IDS New Dimensions Fund - Contributions to this fund are primarily invested
-----------------------
in stocks of medium to large companies operating in areas where economic and
technological changes are occurring. Each participant earns a return based
upon the increase or decrease in the market value of the stocks held, plus
dividend and interest income.
Dodge & Cox Balanced Fund - Contributions to this fund are primarily
-------------------------
invested in a diversified portfolio of stocks and investment grade bonds.
Each participant earns a return based upon the increase or decrease in the
value of the stocks and bonds held, plus dividend and interest income.
6
<PAGE>
LYONDELL CHEMICAL COMPANY 401(K) AND SAVINGS PLAN
NOTES TO FINANCIAL STATEMENTS--(Continued)
Seven Seas S&P 500 Fund - Contributions to this fund are invested in stocks
-----------------------
of large U.S. companies. Each participant earns a return based upon the
increase or decrease in the market value of the stocks held, plus dividend
and interest income.
PBHG Growth Fund - Contributions to this fund are primarily invested in
----------------
stocks of small companies in the U.S. Each participant earns a return based
upon the increase or decrease in the market value of the stocks held, plus
dividend and interest income.
Europacific Growth Fund - Contributions to this fund are primarily invested
-----------------------
in stocks of companies based outside the U.S. Each participant earns a
return based upon the increase or decrease in the market value of the stocks
held, dividend and interest income and changes in the values of foreign
currencies (as compared to the value of the U.S. dollar).

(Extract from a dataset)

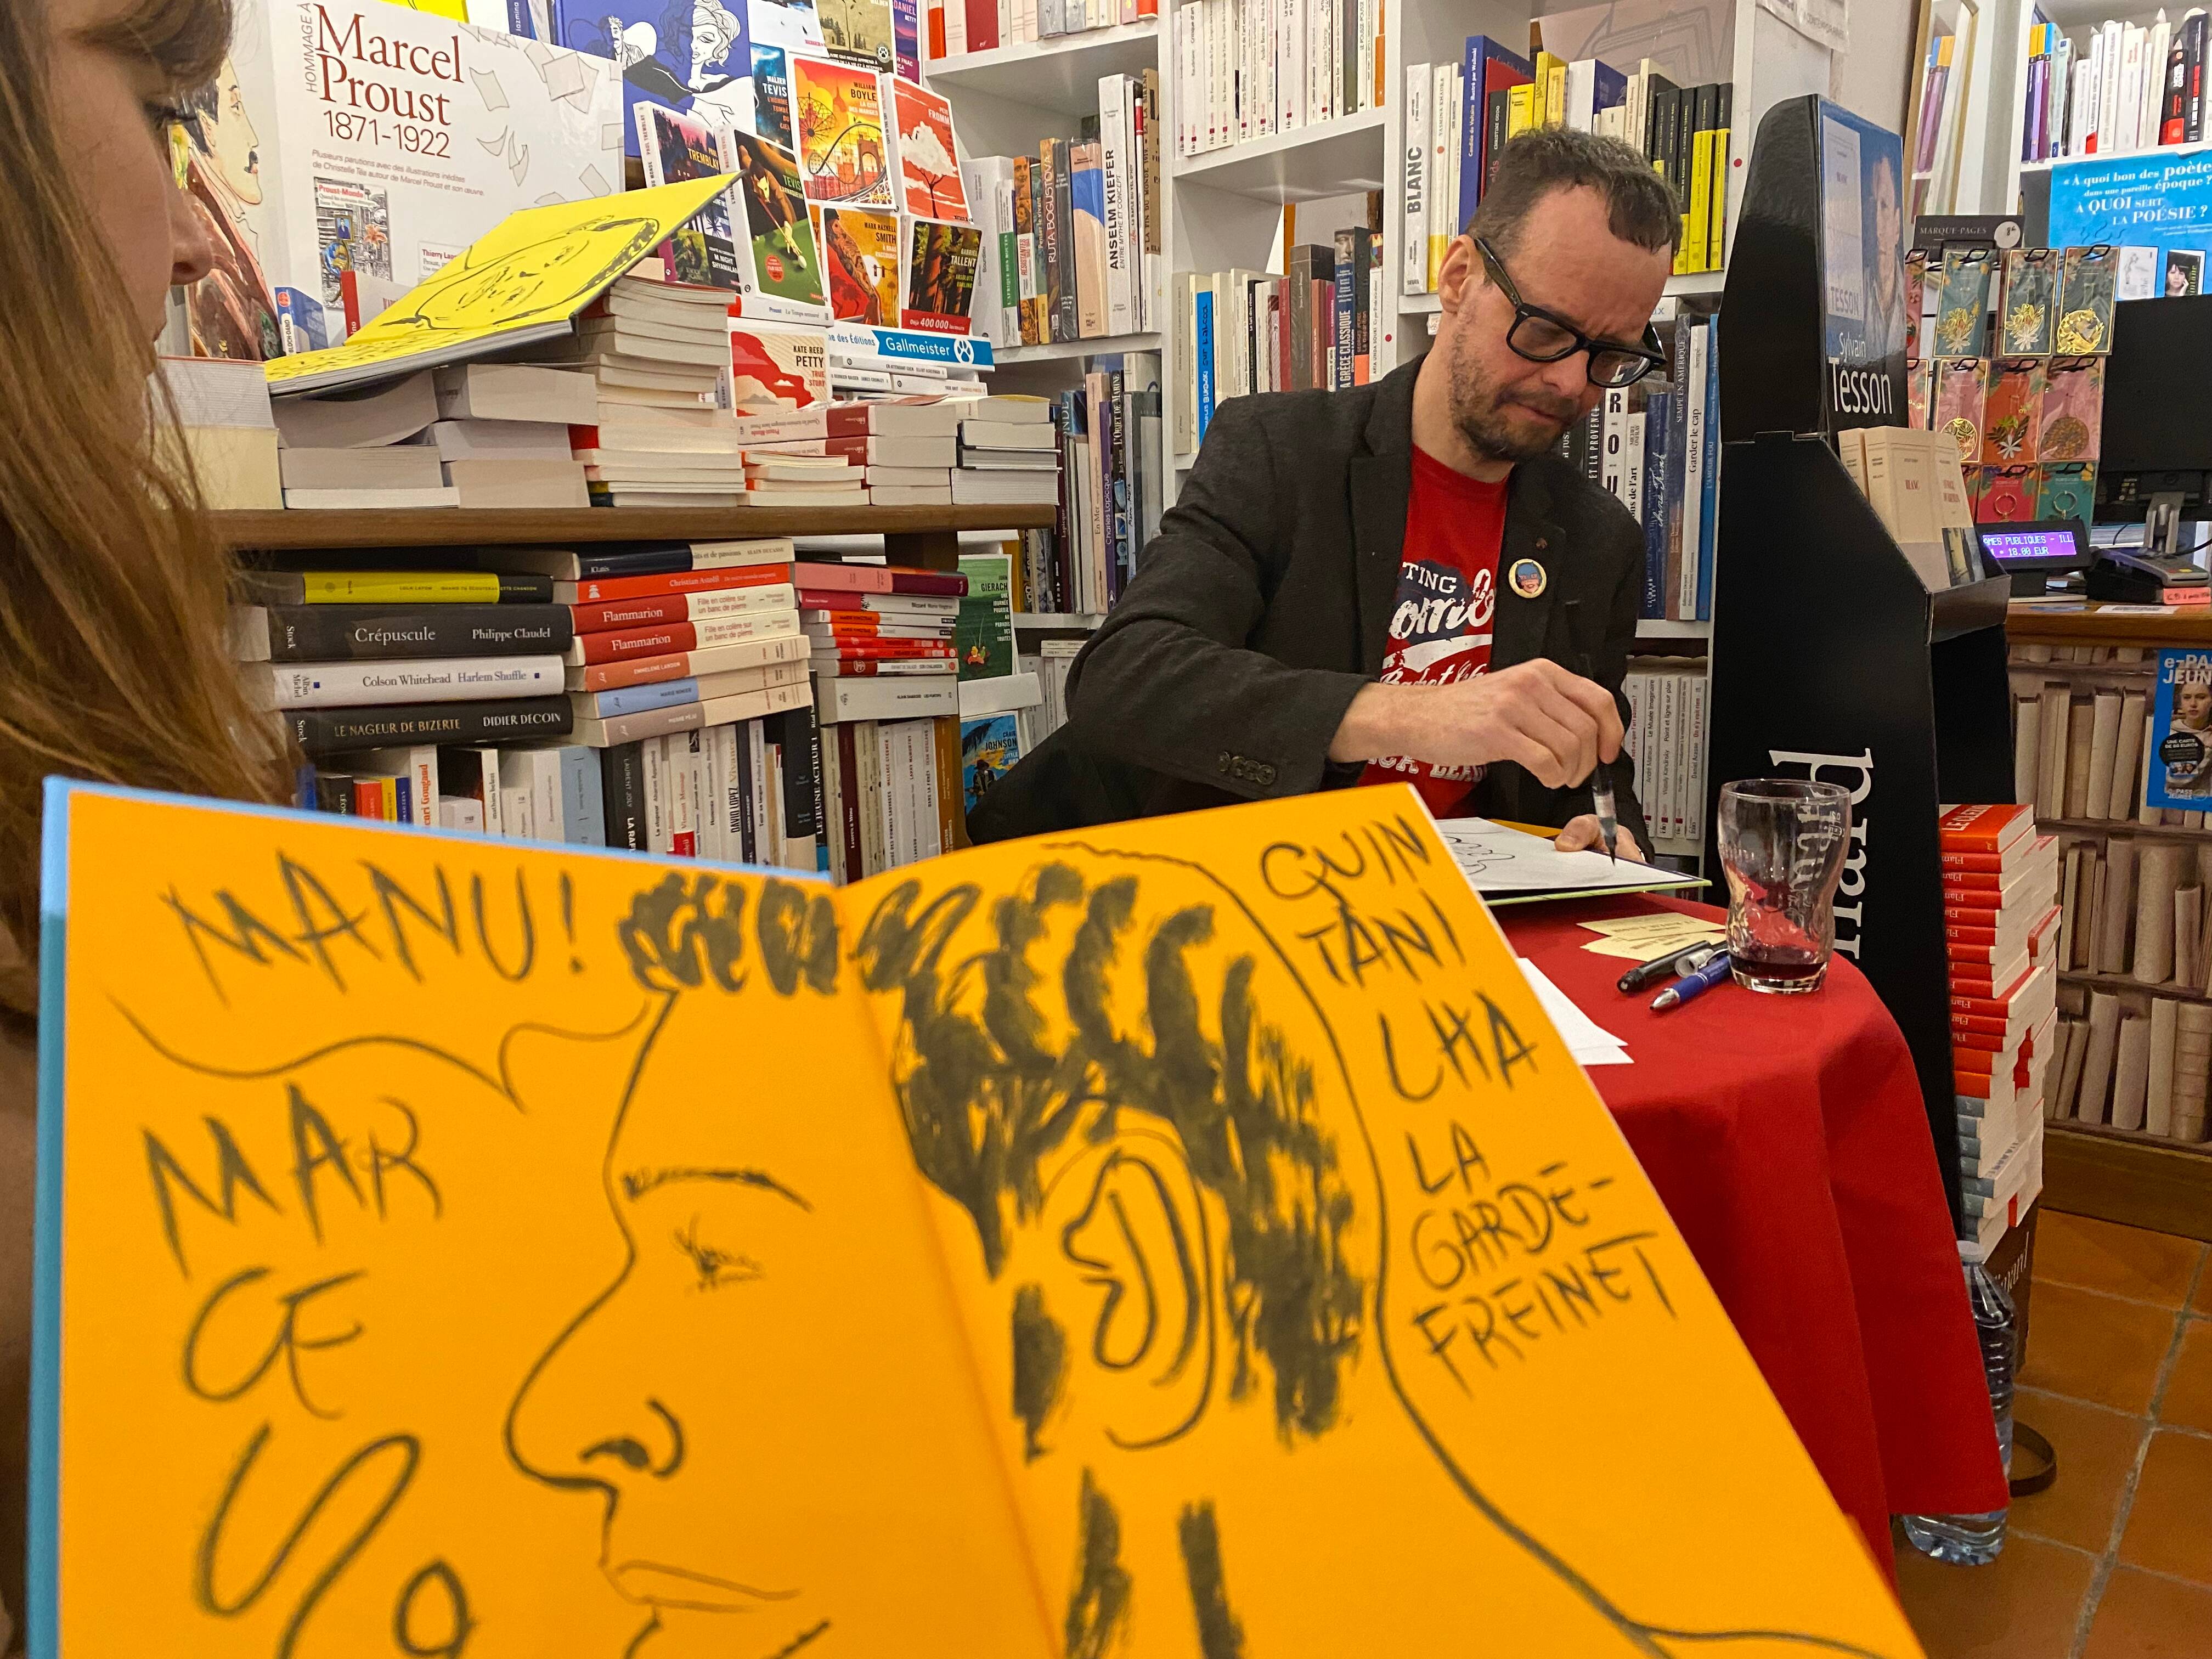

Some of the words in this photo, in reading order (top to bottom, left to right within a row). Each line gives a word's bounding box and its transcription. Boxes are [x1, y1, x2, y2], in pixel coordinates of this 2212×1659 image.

When investing in common stock of the Company, the participant may designate
that the common stock be held either in the Lyondell Common Stock - Dividend
Payout Fund ("ESOP") portion of the Plan (an employee stock ownership plan under
Section 4975(e)(7) of the Internal Revenue Code) or in the Lyondell Common Stock
- - Dividend Reinvestment Fund ("non-ESOP stock fund"). Dividends on common stock
held in the non-ESOP stock fund are reinvested in the common stock of the
Company and held in the participant's plan account. Dividends on common stock
held in the ESOP are reinvested in the Money Market Fund and are payable to the
participant annually as allowed by the Plan. All Company contributions are made
in the form of common stock of the Company or cash to be used to purchase common
stock of the Company and are invested in the ESOP and may not be transferred to
other investment options.
Employees of Atlantic Richfield Company ("ARCO") who became employees of
Lyondell had the assets attributable to their participation in the ARCO Capital
Accumulation Plan II (which assets included ARCO common stock) transferred to
the Plan. ARCO common stock may be held or sold; however, no new purchases of
ARCO common stock may be elected by the participant except upon reinvestment of
dividends from the shares of ARCO common stock.

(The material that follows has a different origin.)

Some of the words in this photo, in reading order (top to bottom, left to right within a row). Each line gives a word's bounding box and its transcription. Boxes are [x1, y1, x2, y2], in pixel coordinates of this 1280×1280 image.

Withdrawals and Borrowings - If a participant terminates employment for any
reason, the participant's account balance will be distributed upon attainment of
age 65 or anytime the participant makes application to receive the funds prior
to age 65. If the participant's account balance is less than $3,500, the
participant's account balance will be distributed as soon as practicable.
The Plan permits withdrawals of Elective Deferrals under certain hardship
conditions as defined by the Plan and granted by the Benefits Administrative
Committee. Savings Contributions may be withdrawn in total or partial amounts
as defined by the Plan.
Withdrawals are made in a lump sum cash payment, although a participant may
elect to receive Lyondell or ARCO common stock to the extent assets are held in
the form of such stock. Distributions upon retirement or termination are
generally in Lyondell or ARCO common stock to the extent assets are held in the
form of such stock, and in cash to the extent invested in any other investment
funds maintained under the Plan.
The Plan provides for employees to borrow up to 50 percent of their account
balance, as defined by the Plan and subject to a minimum and maximum borrowing
level. The interest rate currently charged for loans is a fixed rate equal to
the average prime rate reported in The Wall Street Journal as of the last
-----------------------
business day of the month preceding the date the loan application was received
by the Benefits Administrative Committee. Interest rates on loans outstanding
at December 31, 1998 range from 6 percent to 9.5 percent. Loan repayment
periods range from
7
<PAGE>
LYONDELL CHEMICAL COMPANY 401(K) AND SAVINGS PLAN
NOTES TO FINANCIAL STATEMENTS--(Continued)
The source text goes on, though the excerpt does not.